From a town known as Winchester, Virginia
Lived a boy who’s sole ambition
Was to burn out like a shooting star
And crash down to earth like James Dean in a silver Porsche.
To have his ex-girlfriends and old teachers
Convene one last time
With the phrase, “Only the Good Die Young,”
Slipping past their tongues
As easily as the bread and wine
While they behold the smooth face in the coffin.
Somewhere out in Hollywood
A drunk would throw his shoulder
Around an old ghost sitting at a piano
Asking him to play the song he heard
When he fell in love for the first time.
But he’s no longer an Innocent Man
Who can think such simple thoughts.
Each day the same words from the friendly sage
Echo in the lump of clay between his ears
And rattle the thin piece of bone holding it all together.

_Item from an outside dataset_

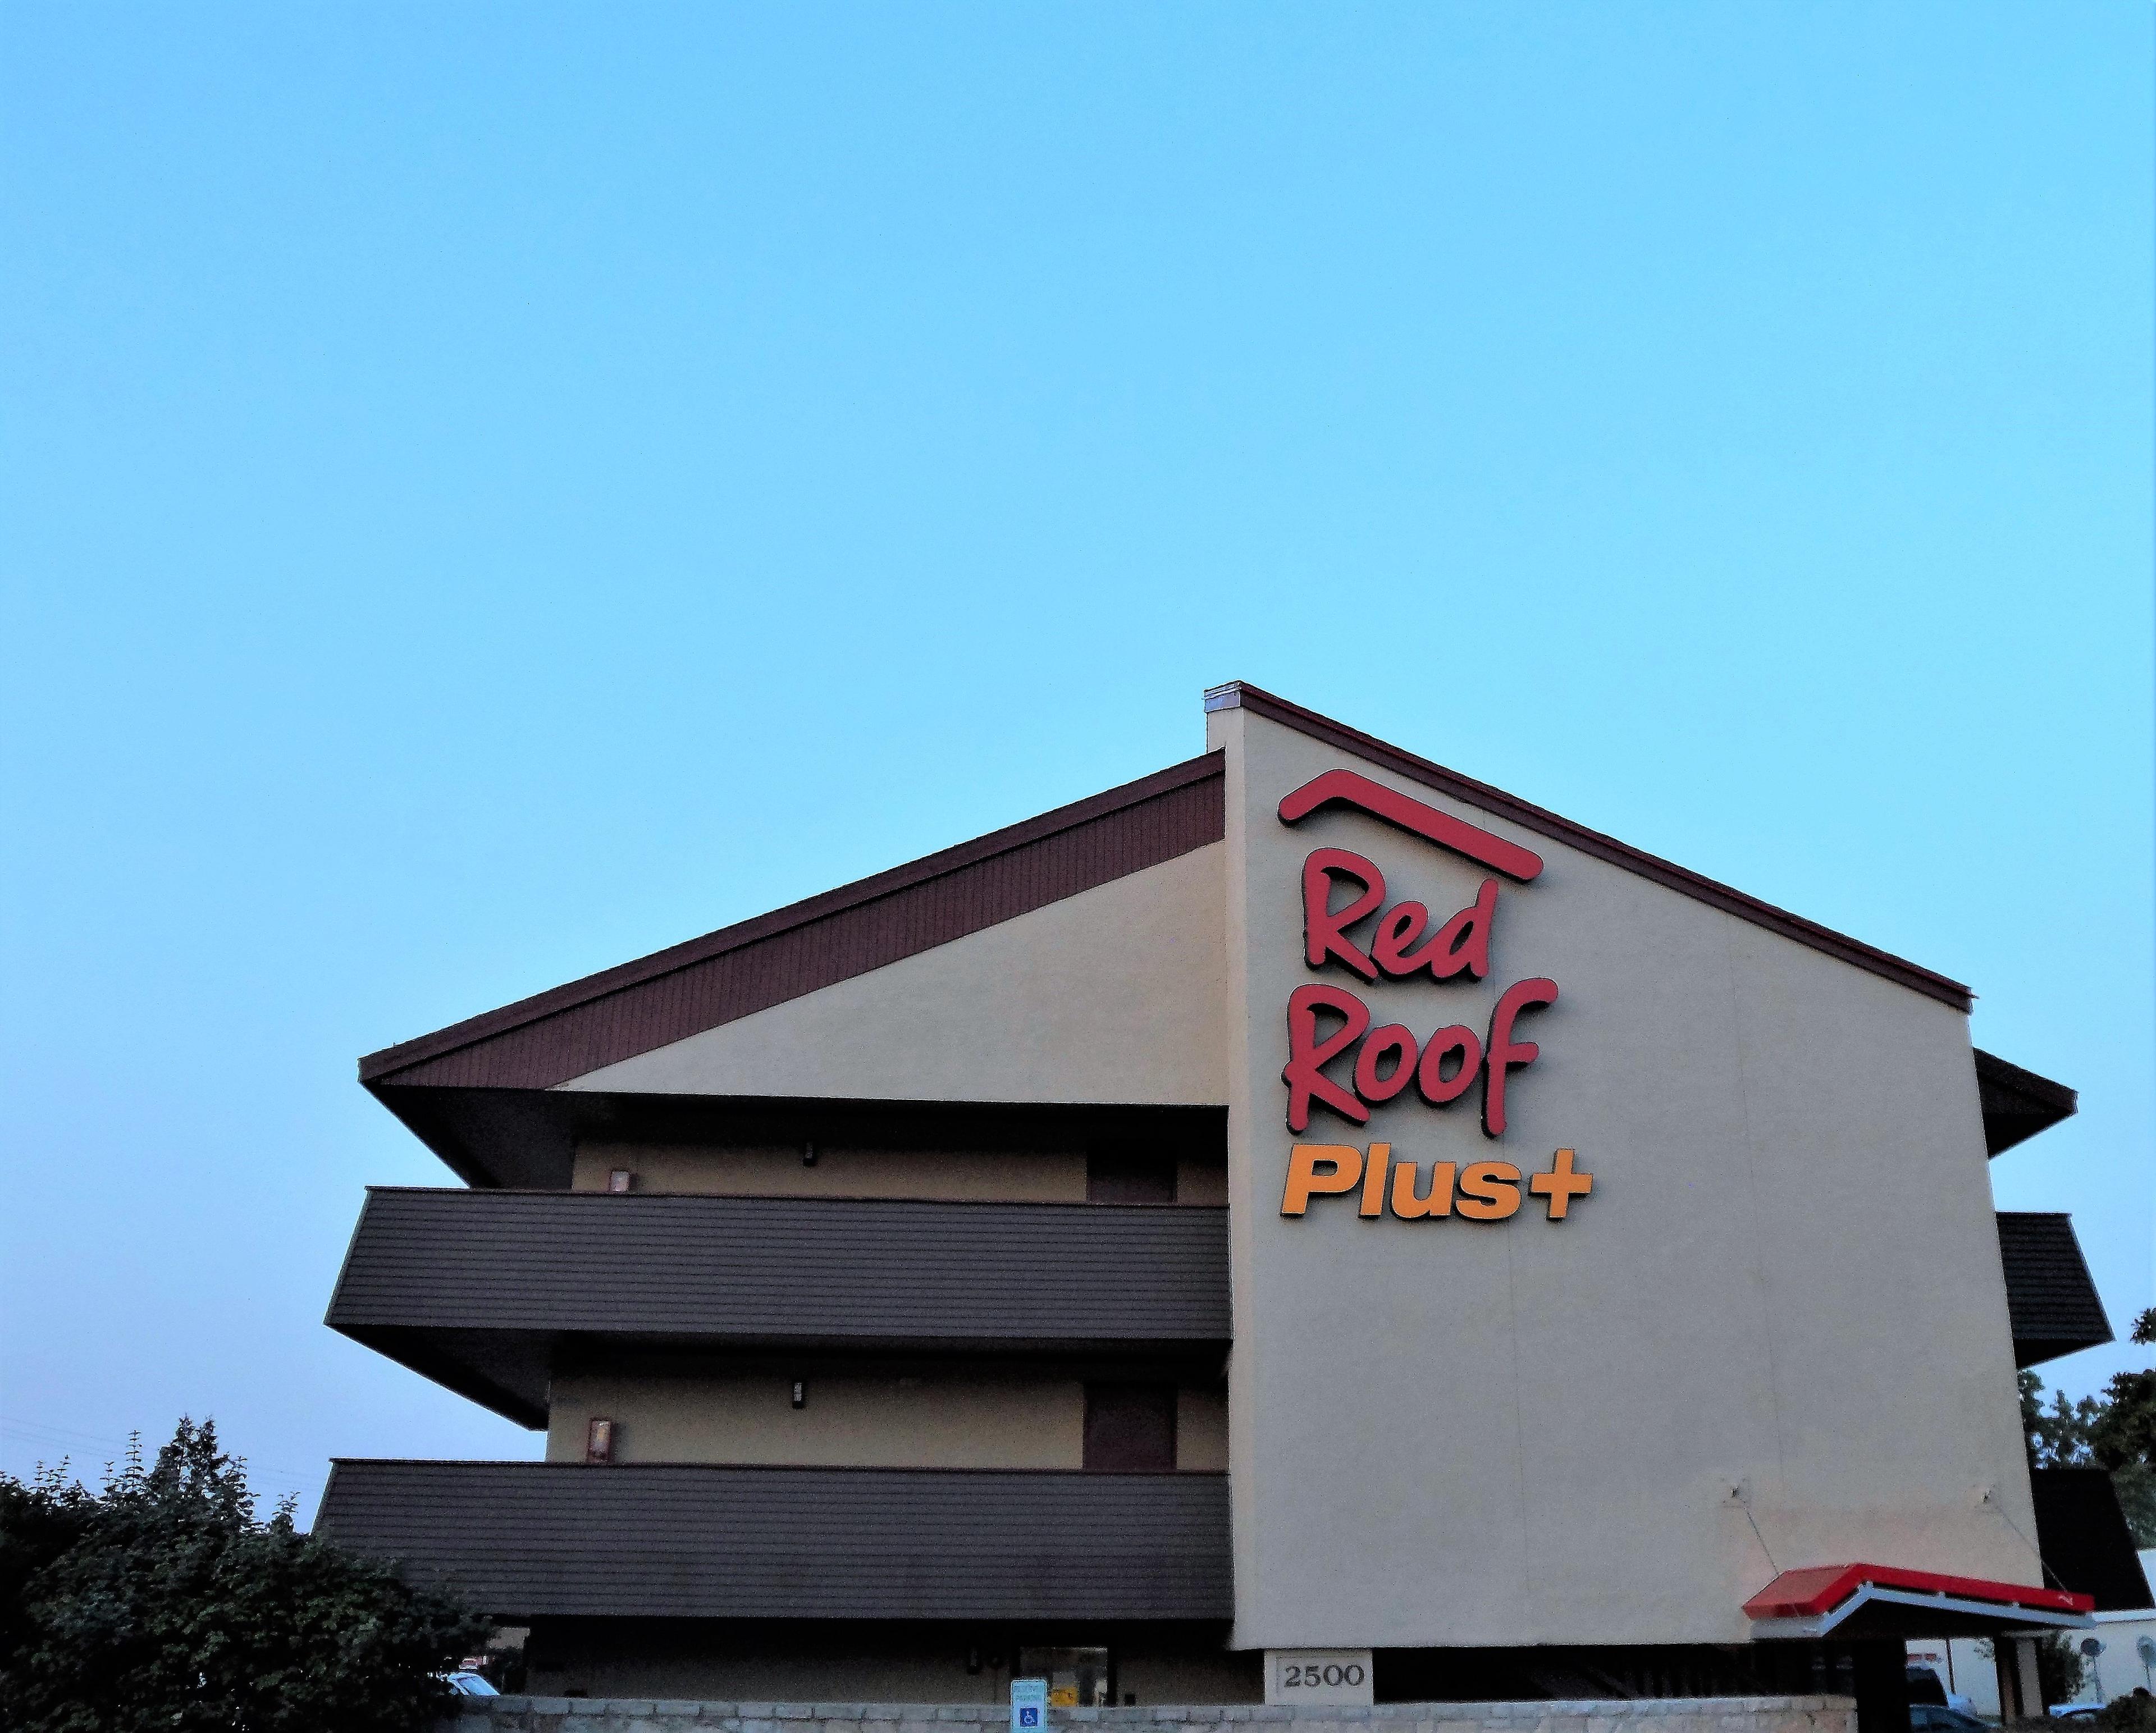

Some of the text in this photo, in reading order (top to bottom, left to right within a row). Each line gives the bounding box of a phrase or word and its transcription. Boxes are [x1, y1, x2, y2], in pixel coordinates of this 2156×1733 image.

One day, you’re gonna care.
He left Captain Jack behind a while ago
Sitting in the old red ragtop
Still clutching the wheel
Wondering if he’s ever going to come back
With that pack of cigarettes.
He finally found his Uptown Girl
After he moved down South.
The first time he smelled the strawberries in her hair
And drowned for an hour in her eyes.
That brown bottle once soldered to his hand
Slipped out of his palm
And shattered on the floor next to all his broken hearts.